Saved data entries:
====================
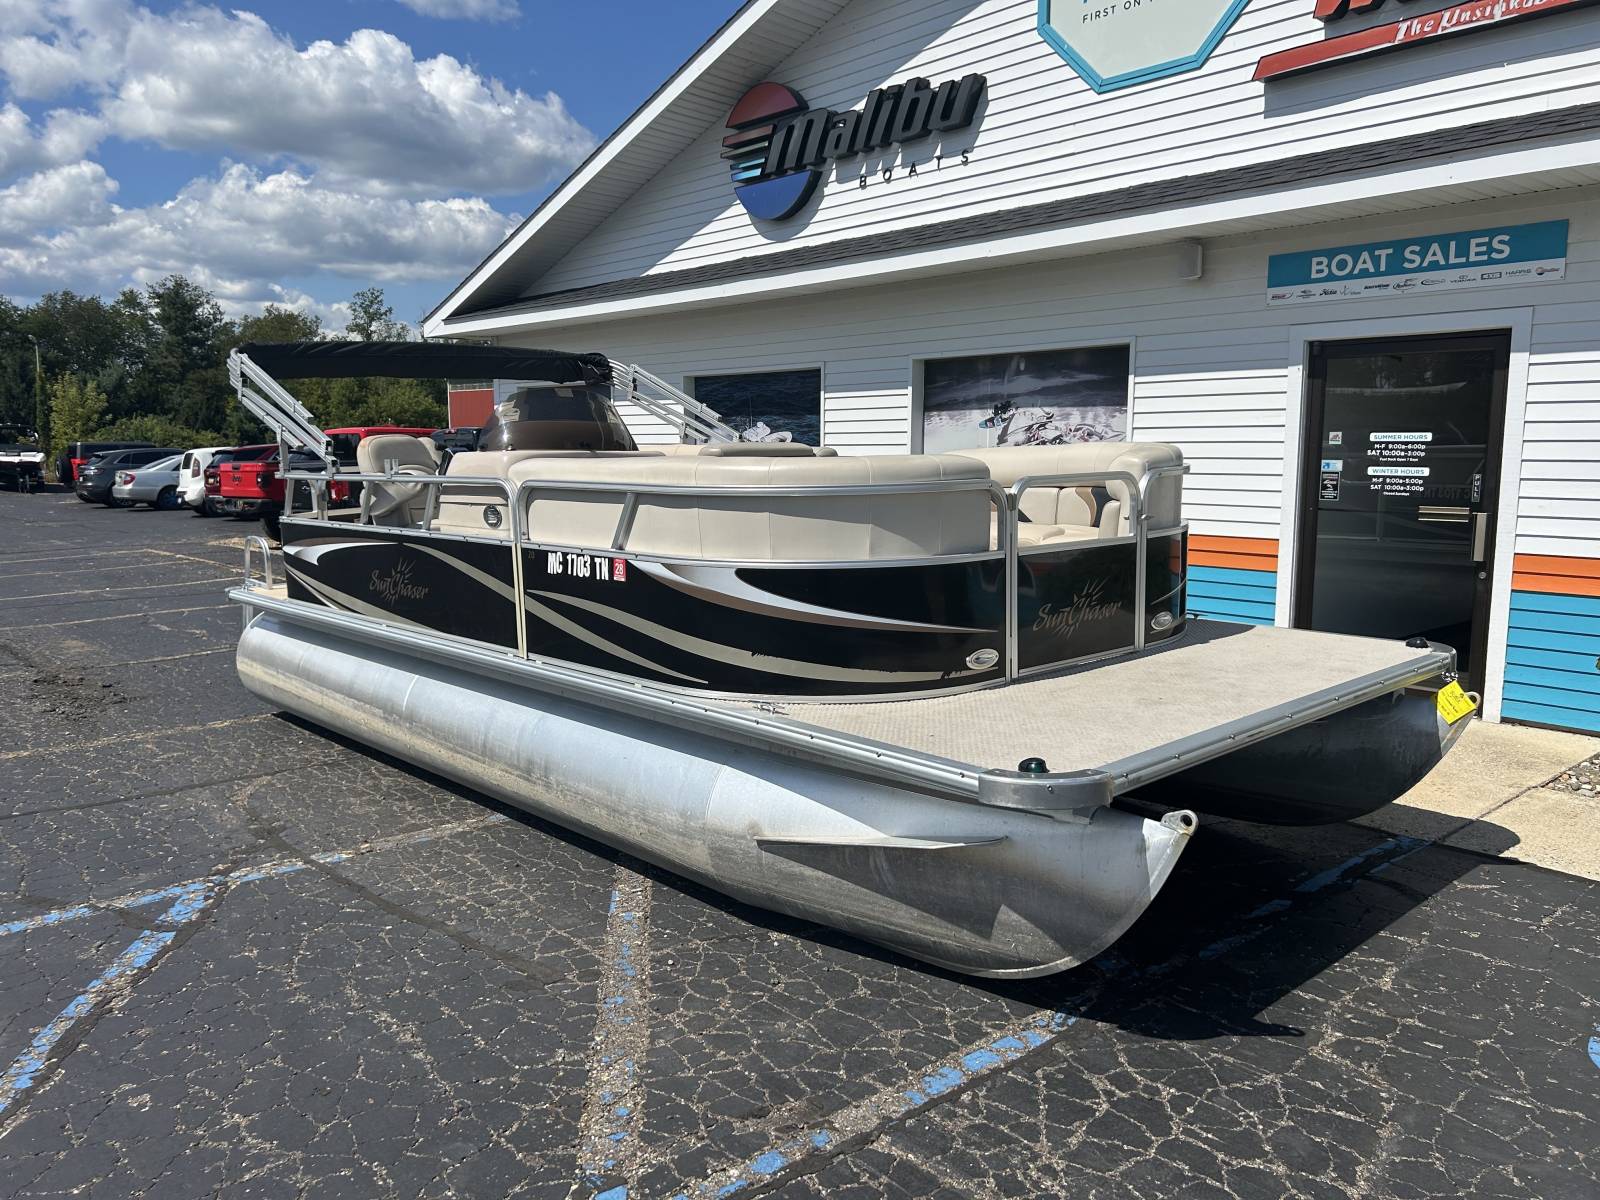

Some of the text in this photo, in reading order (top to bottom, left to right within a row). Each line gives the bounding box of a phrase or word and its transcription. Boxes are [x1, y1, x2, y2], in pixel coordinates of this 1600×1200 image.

[1082, 0, 1141, 24] FIRST ON
[1395, 20, 1434, 43] The
[761, 73, 986, 176] Malibu
[859, 149, 969, 187] BOATS
[1311, 234, 1511, 279] BOAT SALES
[547, 552, 609, 581] MC 1703 TN
[369, 568, 429, 600] SunChaser
[1033, 597, 1121, 632] SunChaser
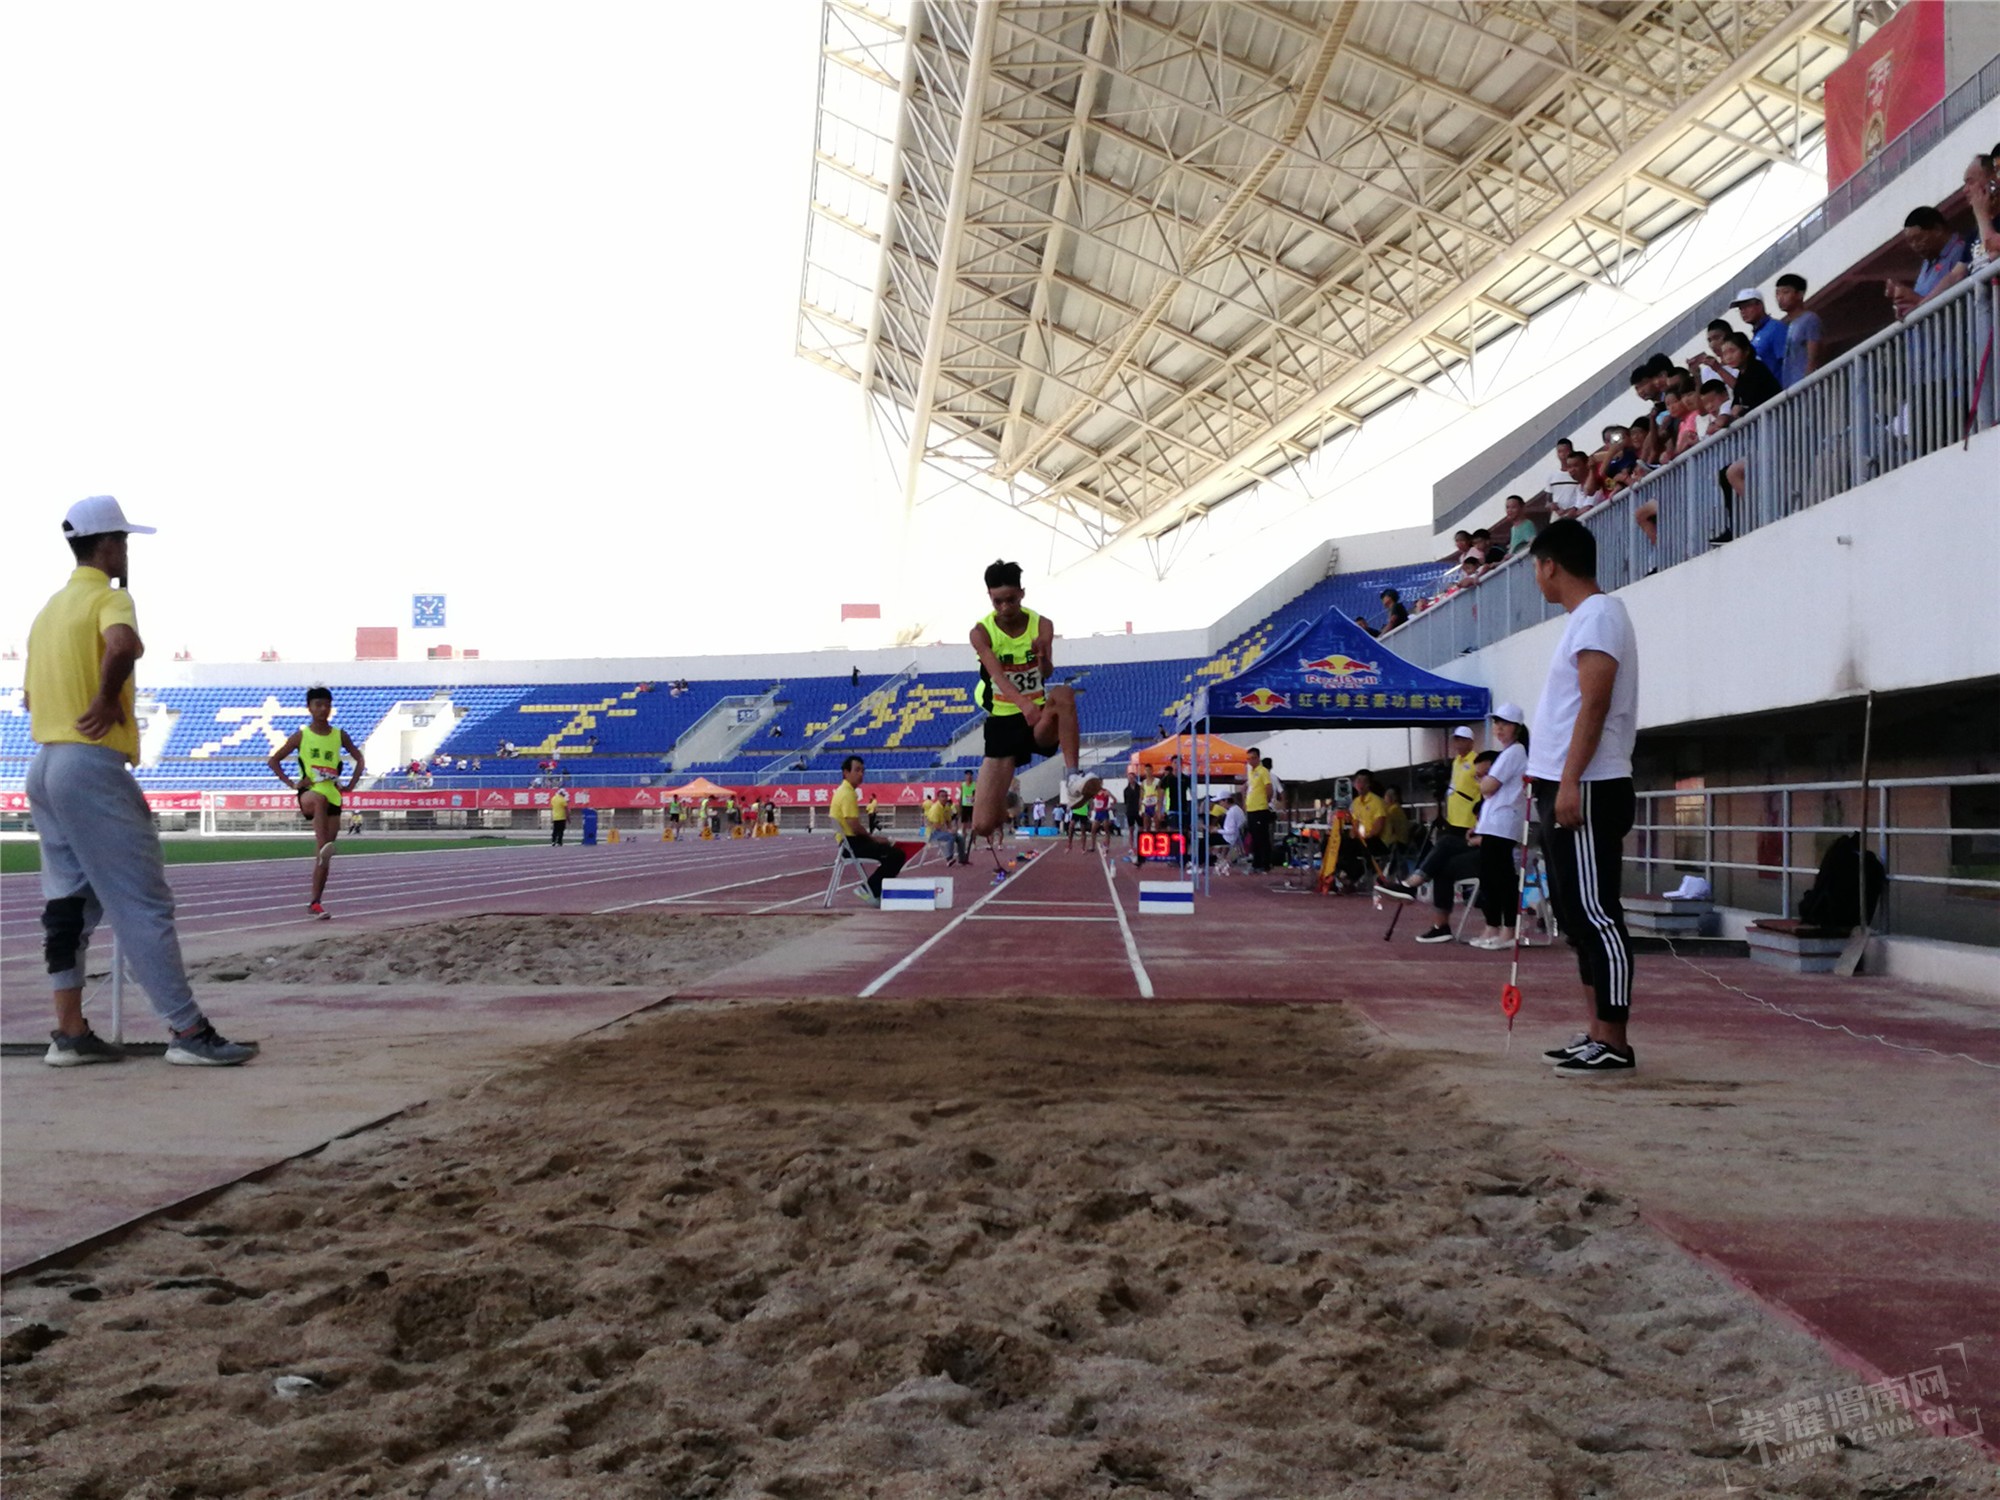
====================
The result should be every entry, word for word, and no pictures.

Some of the text in this photo, in reading order (top to bottom, left to right within a row). Each line gives the bounding box of a phrase or word and its transcription. Boxes are [x1, y1, x2, y2], in pixel coordinates of this 1600×1200 image.

[1082, 0, 1141, 24] FIRST ON
[1395, 20, 1434, 43] The
[761, 73, 986, 176] Malibu
[859, 149, 969, 187] BOATS
[1311, 234, 1511, 279] BOAT SALES
[547, 552, 609, 581] MC 1703 TN
[369, 568, 429, 600] SunChaser
[1033, 597, 1121, 632] SunChaser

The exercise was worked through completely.